Abstract
Purpose
For 3D kinematic analysis of total knee arthroplasty (TKA), 2D/3D registration techniques which use X-ray fluoroscopic images and computer-aided design model of the knee implants, have been applied to clinical cases. These techniques are highly valuable for dynamic 3D kinematic analysis, but have needed time-consuming and labor-intensive manual operations in some process. In previous study, we reported a robust method to reduce manual operations to remove spurious edges and noises in edge detection process of X-ray images. In this study, we address another manual operations problem occurred when setting initial pose of TKA implants model for 2D/3D registration. To set appropriate initial pose of the model with manual operations for each X-ray image is important to obtain the good registration results. However, the number of X-ray images for a knee performance is very large, and thus to set initial pose with manual operations is very time-consuming and a problem for practical clinical applications. Therefore, this study proposes an initial pose estimation method for automated 3D kinematic analysis of TKA.
Methods
3D pose of an implant model is estimated using a 2D/3D registration technique based on a robust feature-based algorithm.

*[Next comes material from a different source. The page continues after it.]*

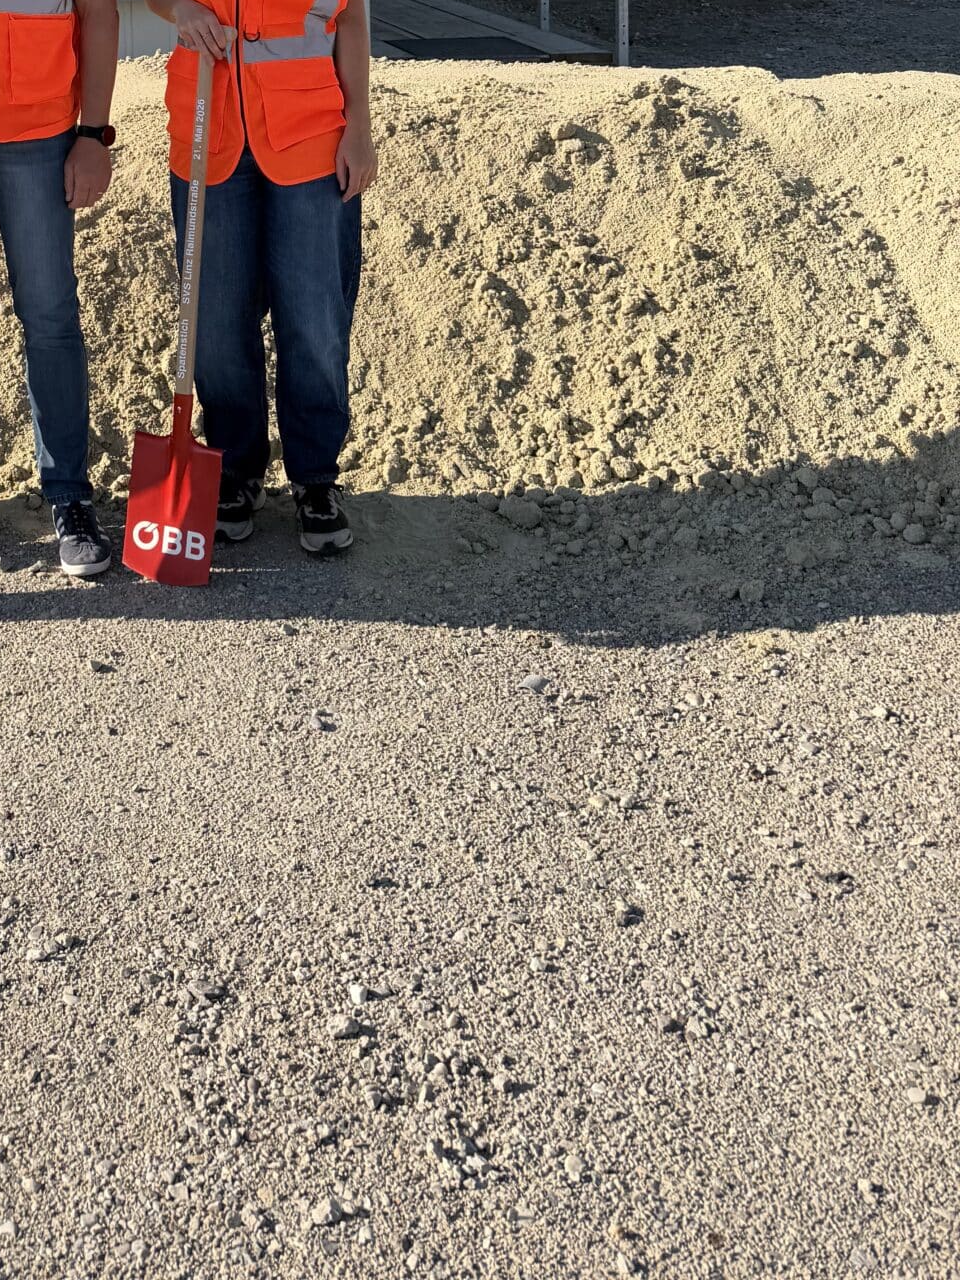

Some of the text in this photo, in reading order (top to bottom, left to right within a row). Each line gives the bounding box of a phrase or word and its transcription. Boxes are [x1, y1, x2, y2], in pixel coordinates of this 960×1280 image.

To reduce labor-intensive manual operations of initial pose setting for large number of X-ray images, we utilize an interpolation technique with an approximate function. First, for some X-ray images (key frames), initial poses are manually adjusted to be as close as possible, and 3D poses of the model are accurately estimated for each key frame. These key frames were appropriately selected from the 2D feature point of knee motion in the X-ray images. Next, the 3D pose data estimated for each key frame are interpolated with an approximate function. In this study, we employed a multilevel B-spline function. Thus, we semi-automatically estimate the initial 3D pose of the implant model in X-ray images except for key frames. Fig. 1 shows the algorithm of initial pose estimation, and Fig. 2 shows the scheme of the data interpolation with an approximate function.
Experimental results
To validate the feasibility of the proposed initial pose estimation method, experiments using X-ray fluoroscopic images of 8 TKA patients during knee motions were performed. For the experiments, we prepared two sorts of contour images, and applied the proposed method to the one image contained spurious edges and noises. The other image which spurious edges and noises didn't exist was used for determination of correct poses (reference data) using 2D/3D registration. In order to assess the performance of the proposed method, automation rate was calculated, and the rate was defined as the X-ray frame number of satisfying clinical required accuracy (error within 1 mm, 1 degree) relative to all X-ray frame number.
As results of the experiments, the automation rate of the femoral and tibial component were about 79 % and 73 %, respectively.
Conclusions
This study presented an initial pose estimation method for automated 3D kinematic analysis of TKA using X-ray fluoroscopic images. The method without labor-intensive operations is thought to be very useful for practical clinical applications.